Ein Faktor, der ganz konkret mit diesem sinkenden Bewusstsein in Zusammenhang steht, ist “das Phänomen Social Media, das die Verbreitung von Fehlinformationen erleichtert”, so Tanya Herfurth, Mitbegründerin und Vorsitzende von “Young Leaders for Health”. “Das wirkt dem essentiellen Ziel, nachhaltige Gesundheitssysteme aufzubauen, entgegen. Deshalb muss Deutschland seine Unterstützung für die GPEI zweifach aufrechterhalten – einseitseits finanziell aber auch informationsgeleitet.”

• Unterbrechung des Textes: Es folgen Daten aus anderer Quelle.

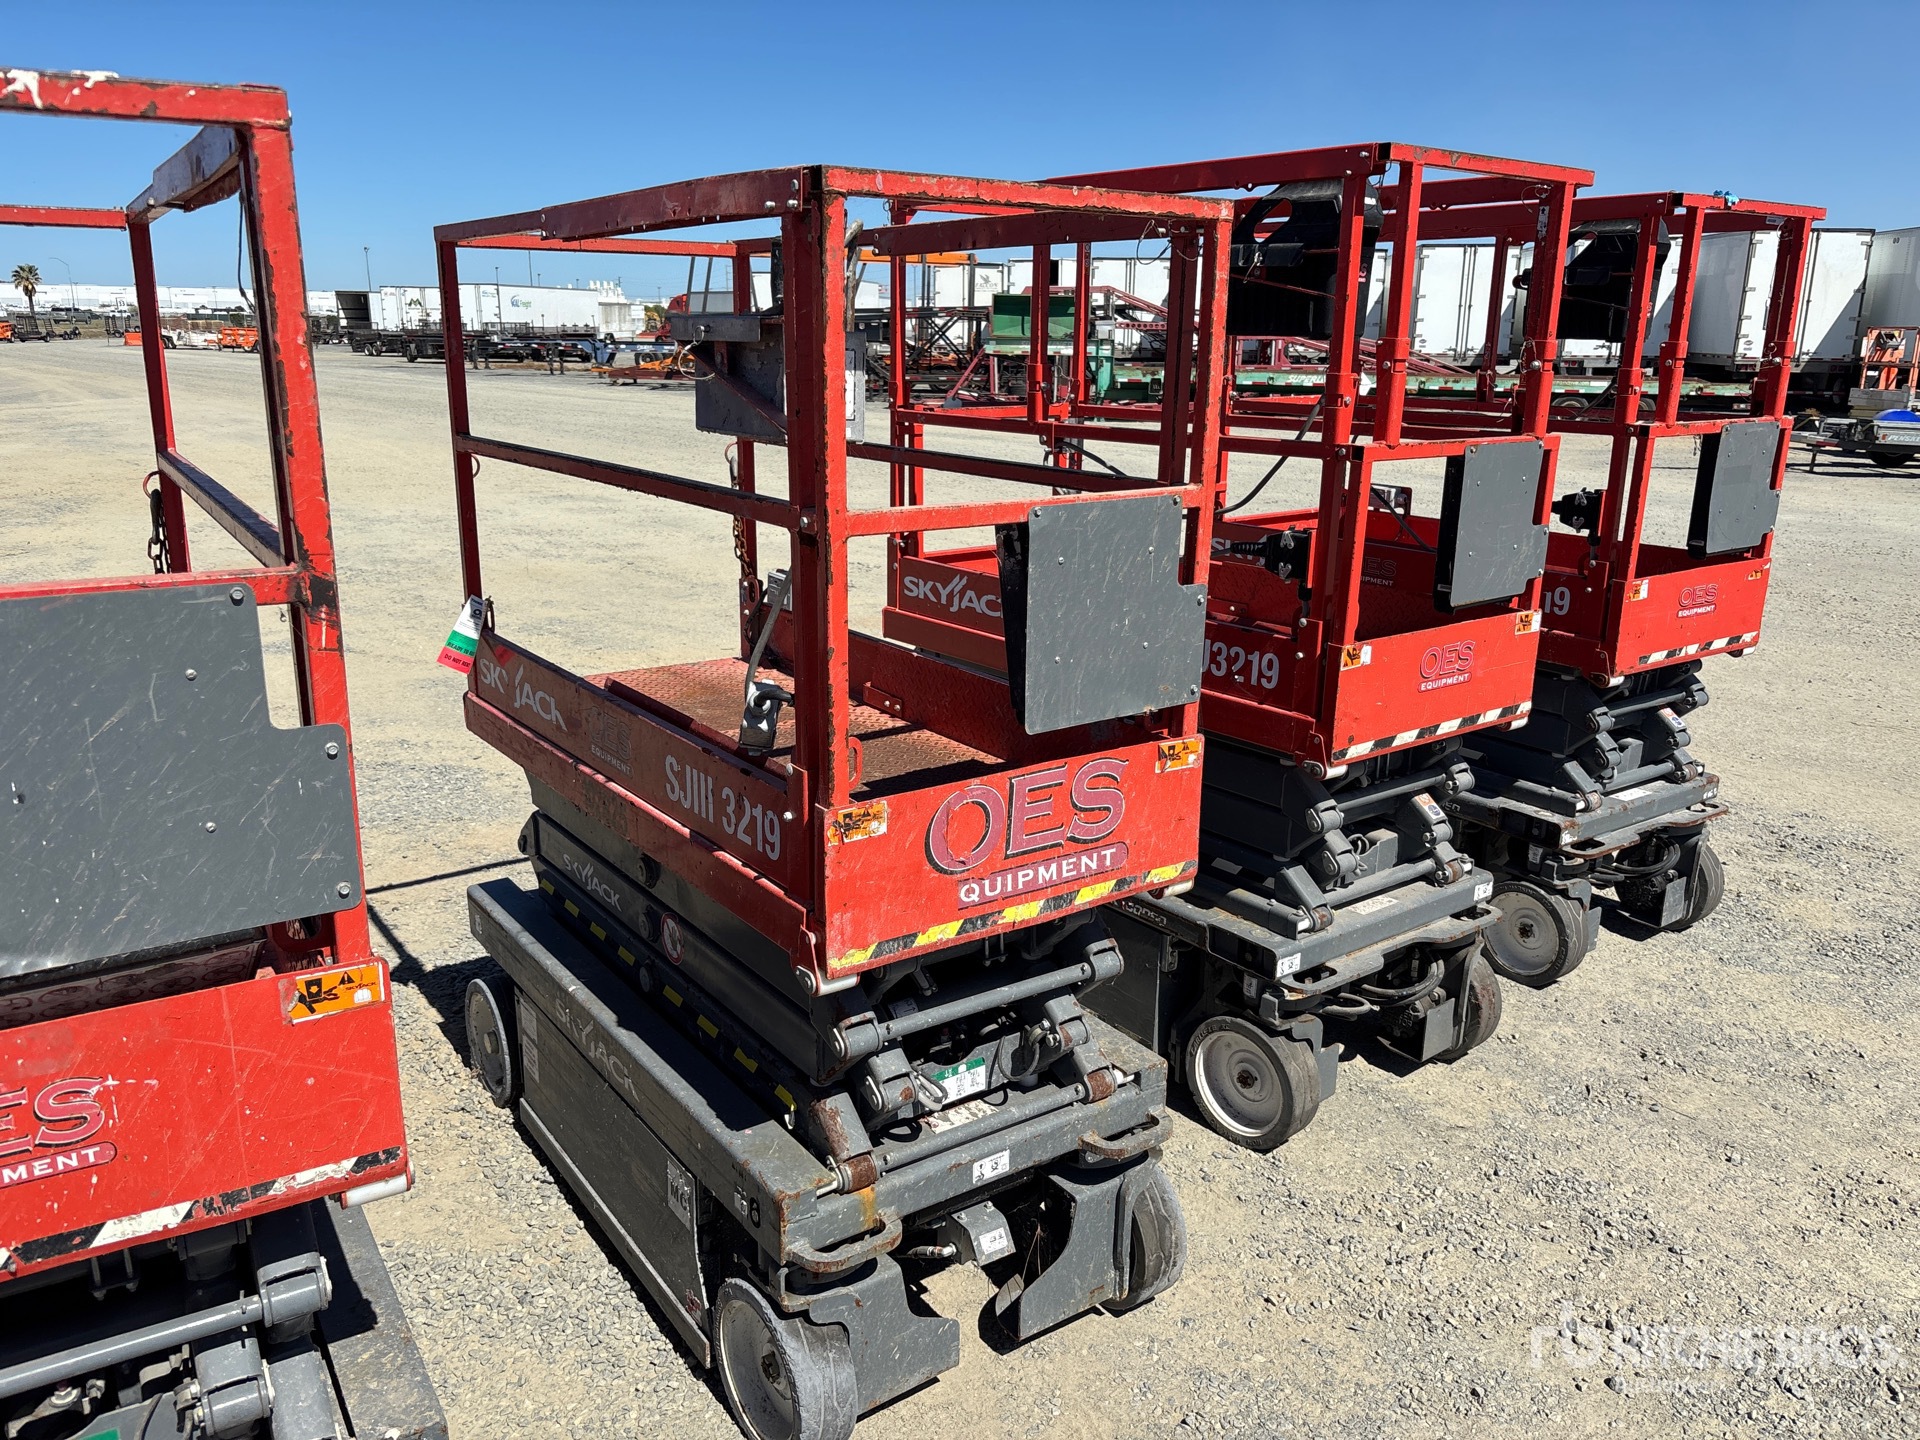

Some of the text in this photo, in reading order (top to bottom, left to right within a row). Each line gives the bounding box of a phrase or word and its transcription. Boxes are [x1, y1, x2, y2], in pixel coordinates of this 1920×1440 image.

[1364, 556, 1397, 577] ES
[903, 574, 1003, 618] SKYJAC
[1543, 586, 1571, 616] 19
[1678, 583, 1718, 607] OES
[1678, 604, 1715, 618] EQUIPMENT
[1420, 640, 1475, 679] OES
[1420, 673, 1470, 691] EQUIPMENT
[591, 744, 632, 776] EQUIPMENT
[721, 786, 780, 861] 3219
[925, 757, 1129, 876] OES
[2, 1146, 101, 1184] MENT

Unter den Gästen waren NGO-Vertreter*innen, Politiker*innen, Forscher*innen und Global Citizens, wie die Super-Aktivistin Franziska Warner. Sie ist extra für den Abend von Hamburg nach Berlin gereist und schon oft bei Global Citizen aktiv geworden. “Das Gefühl, dass deine eigene Aktion – sei es in Form einer Petition, oder eines Tweets an Politiker*innen – etwas bewirken kann, ist einfach großartig und hat mich schon beim Global Citizen Festival in Hamburg sehr berührt”, sagt sie.
Damit ist sie nicht allein. Am Weltpoliotag haben wir die Stimmen von über 83.338 Global Citizens an den Staatssekretär Martin Jäger übergeben. Gemeinsam fordern wir die Bundesregierung dazu auf, ihre weitere Unterstützung für die GPEI bei der kommenden Finanzierungskonferenz in Abu Dhabi am 19. November zuzusagen. Denn nur so können wir sicherstellen, dass die Weltgemeinschaft bei der Polioausrottung endlich über die Zielgerade kommt.